**WORK ORDER**
Return every entry exactly, except for any pictures.

**ENTRIES PROVIDED**

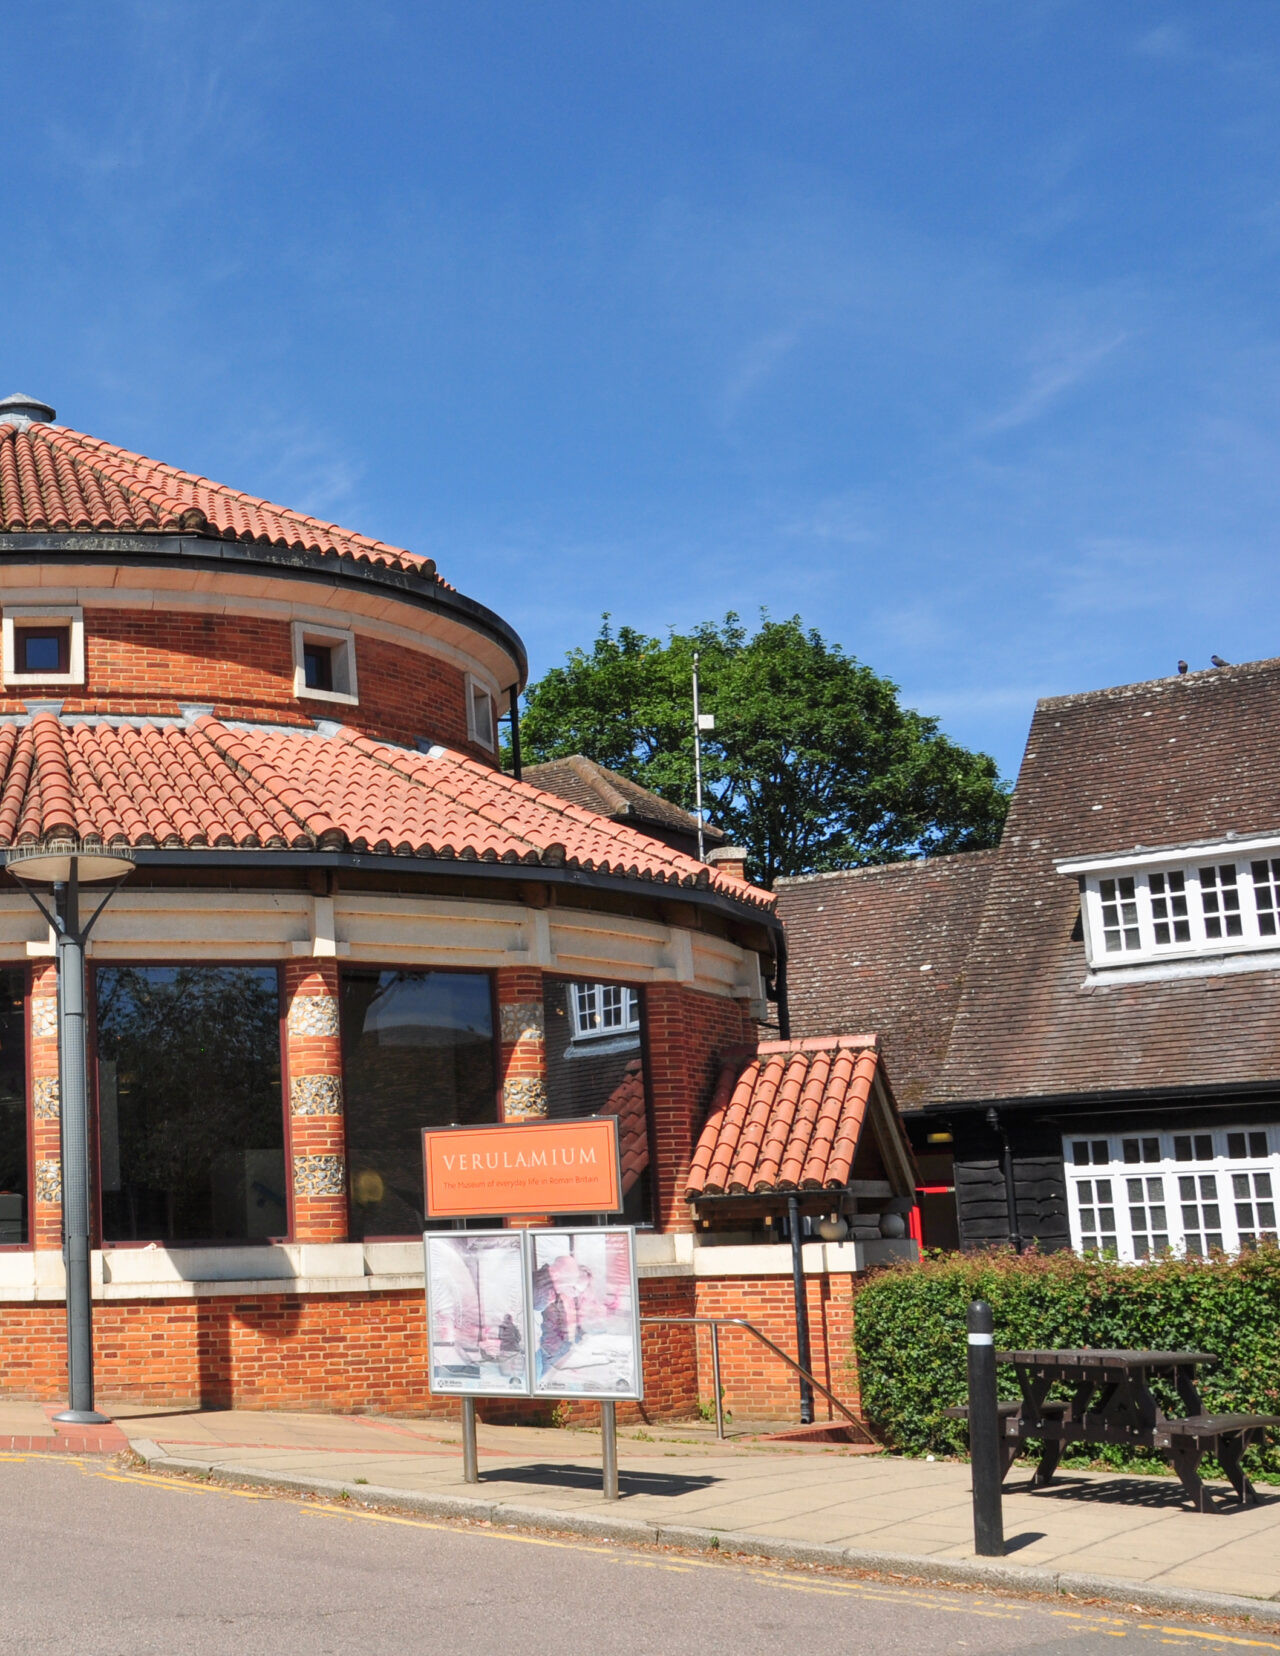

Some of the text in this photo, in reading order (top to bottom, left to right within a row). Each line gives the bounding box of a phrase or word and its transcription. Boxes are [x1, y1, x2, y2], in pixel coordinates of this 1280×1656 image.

[442, 1147, 597, 1171] VERULAMIUM
[457, 1181, 486, 1189] Museum
[487, 1180, 495, 1188] of
[495, 1179, 527, 1188] everyday
[528, 1177, 539, 1186] life
[549, 1177, 574, 1185] Roman
[575, 1175, 599, 1184] Britain
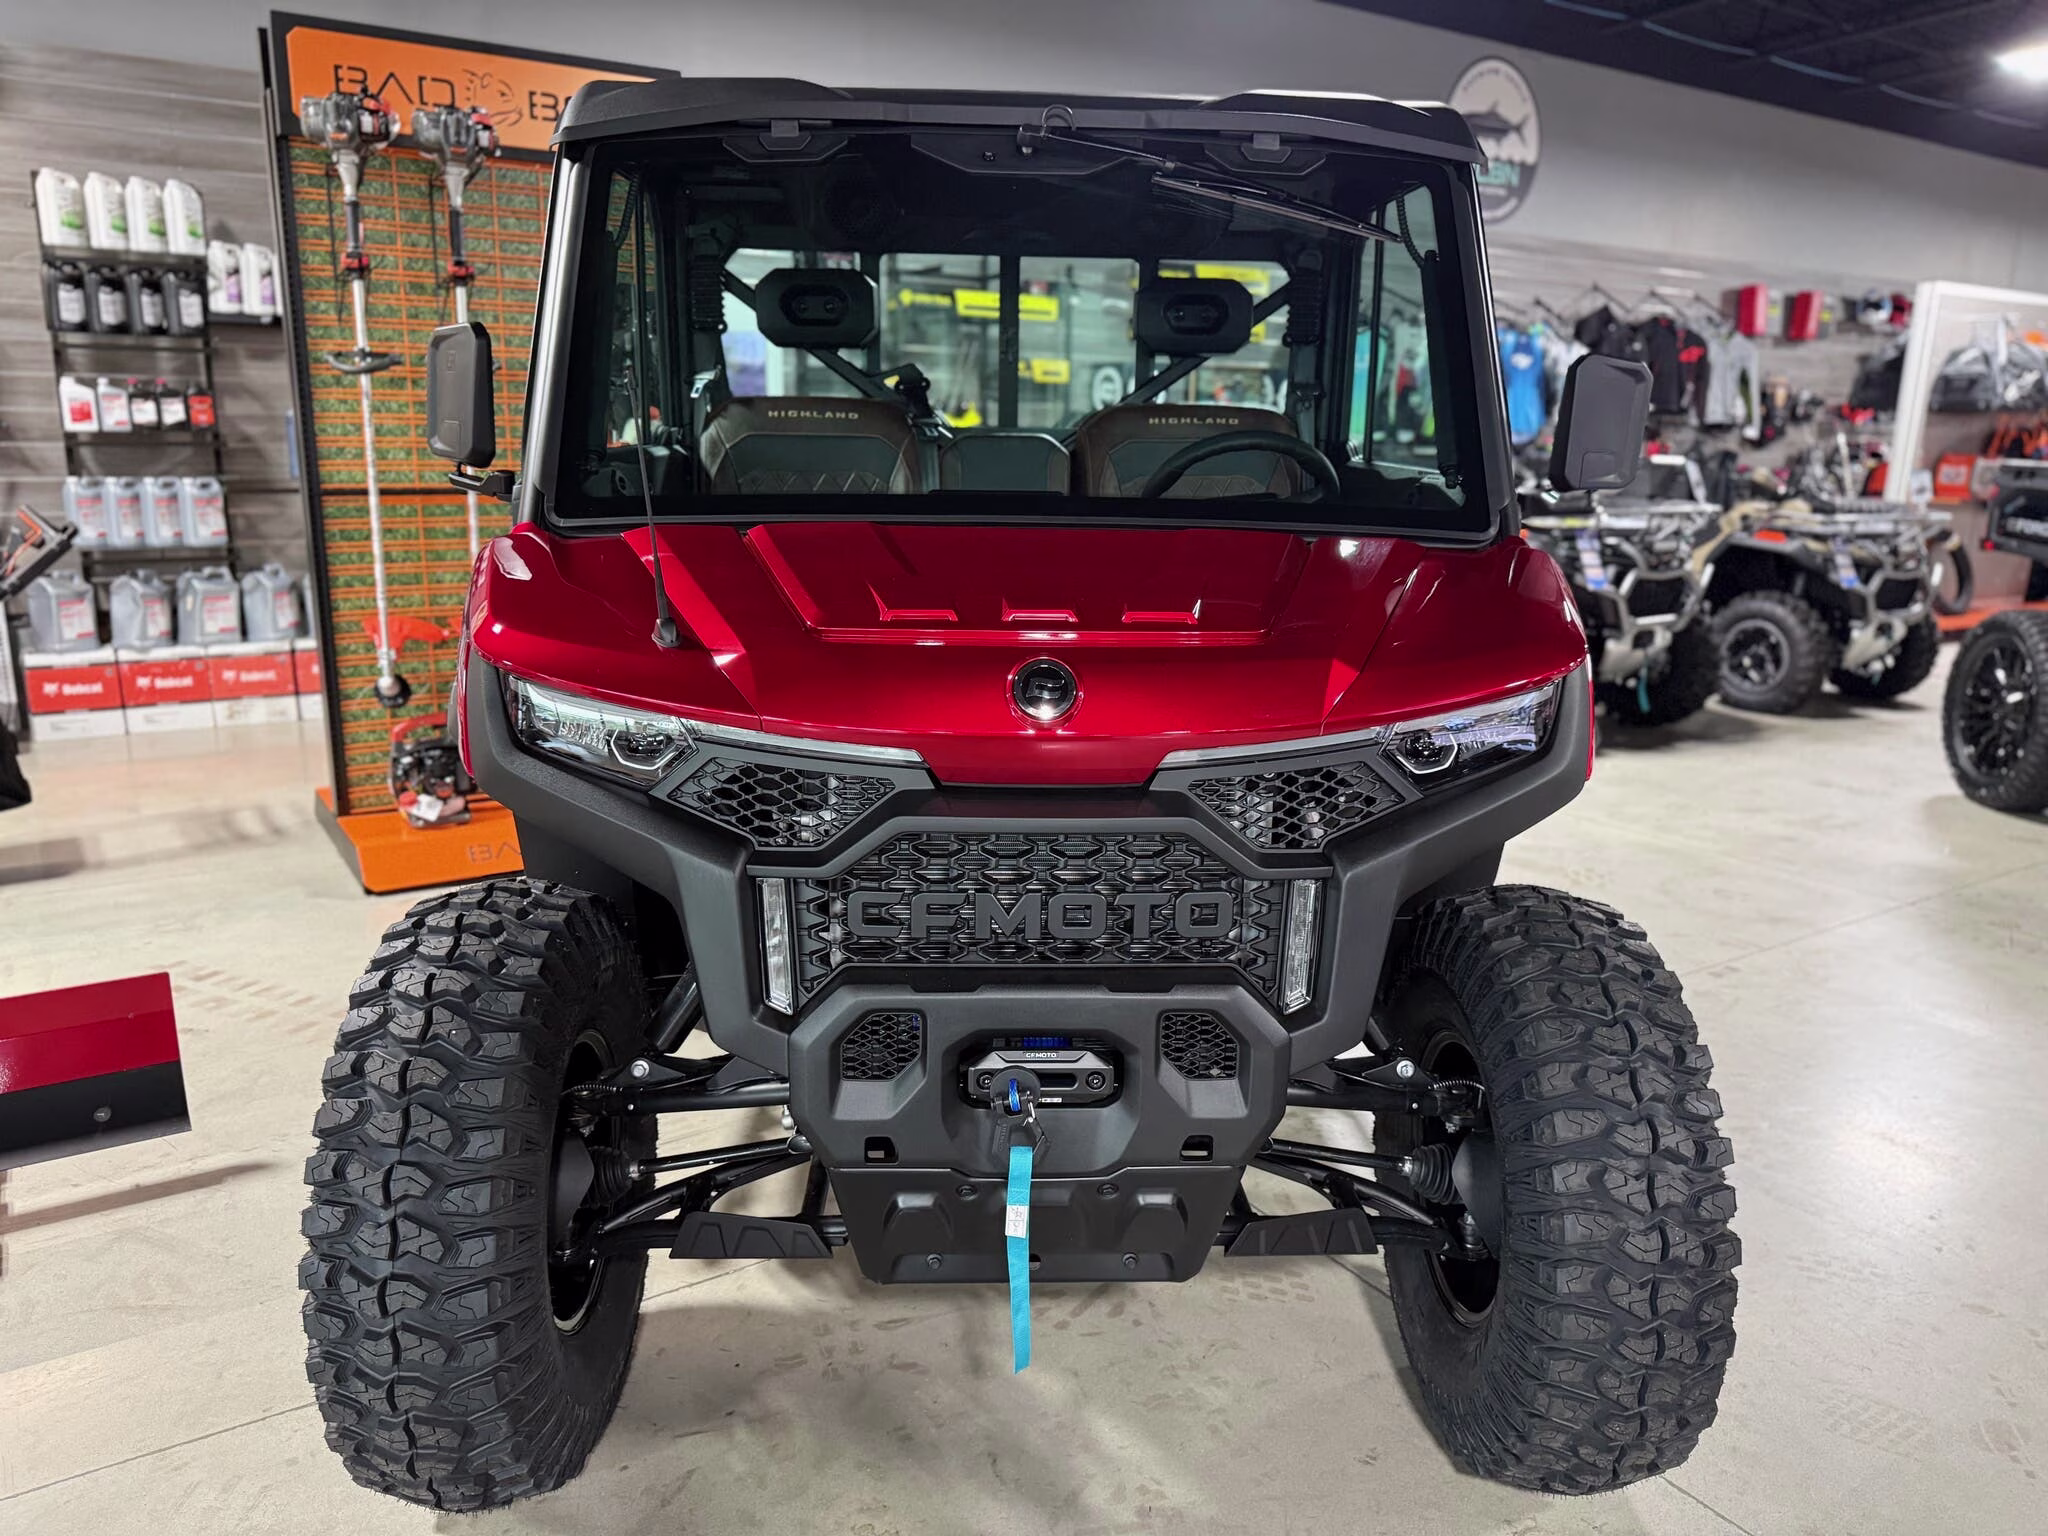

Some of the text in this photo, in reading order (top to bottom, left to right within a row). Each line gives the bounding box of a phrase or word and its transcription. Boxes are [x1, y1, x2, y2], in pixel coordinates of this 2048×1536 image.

[334, 64, 455, 108] BAD
[768, 410, 859, 420] HIGHLAND
[1148, 417, 1239, 425] HIGHLAND
[61, 682, 103, 696] Bobcat
[846, 890, 1235, 940] CFMOTO
[1025, 1051, 1058, 1059] CFMOTO

**PROBLEM SOLUTION**
Some of the text in this photo, in reading order (top to bottom, left to right within a row). Each line gives the bounding box of a phrase or word and its transcription. Boxes are [x1, y1, x2, y2], in pixel coordinates of this 1280×1656 image.

[442, 1147, 597, 1171] VERULAMIUM
[457, 1181, 486, 1189] Museum
[487, 1180, 495, 1188] of
[495, 1179, 527, 1188] everyday
[528, 1177, 539, 1186] life
[549, 1177, 574, 1185] Roman
[575, 1175, 599, 1184] Britain

Some of the text in this photo, in reading order (top to bottom, left to right within a row). Each line gives the bounding box of a phrase or word and its transcription. Boxes are [x1, y1, x2, y2], in pixel coordinates of this 2048×1536 image.

[334, 64, 455, 108] BAD
[768, 410, 859, 420] HIGHLAND
[1148, 417, 1239, 425] HIGHLAND
[61, 682, 103, 696] Bobcat
[846, 890, 1235, 940] CFMOTO
[1025, 1051, 1058, 1059] CFMOTO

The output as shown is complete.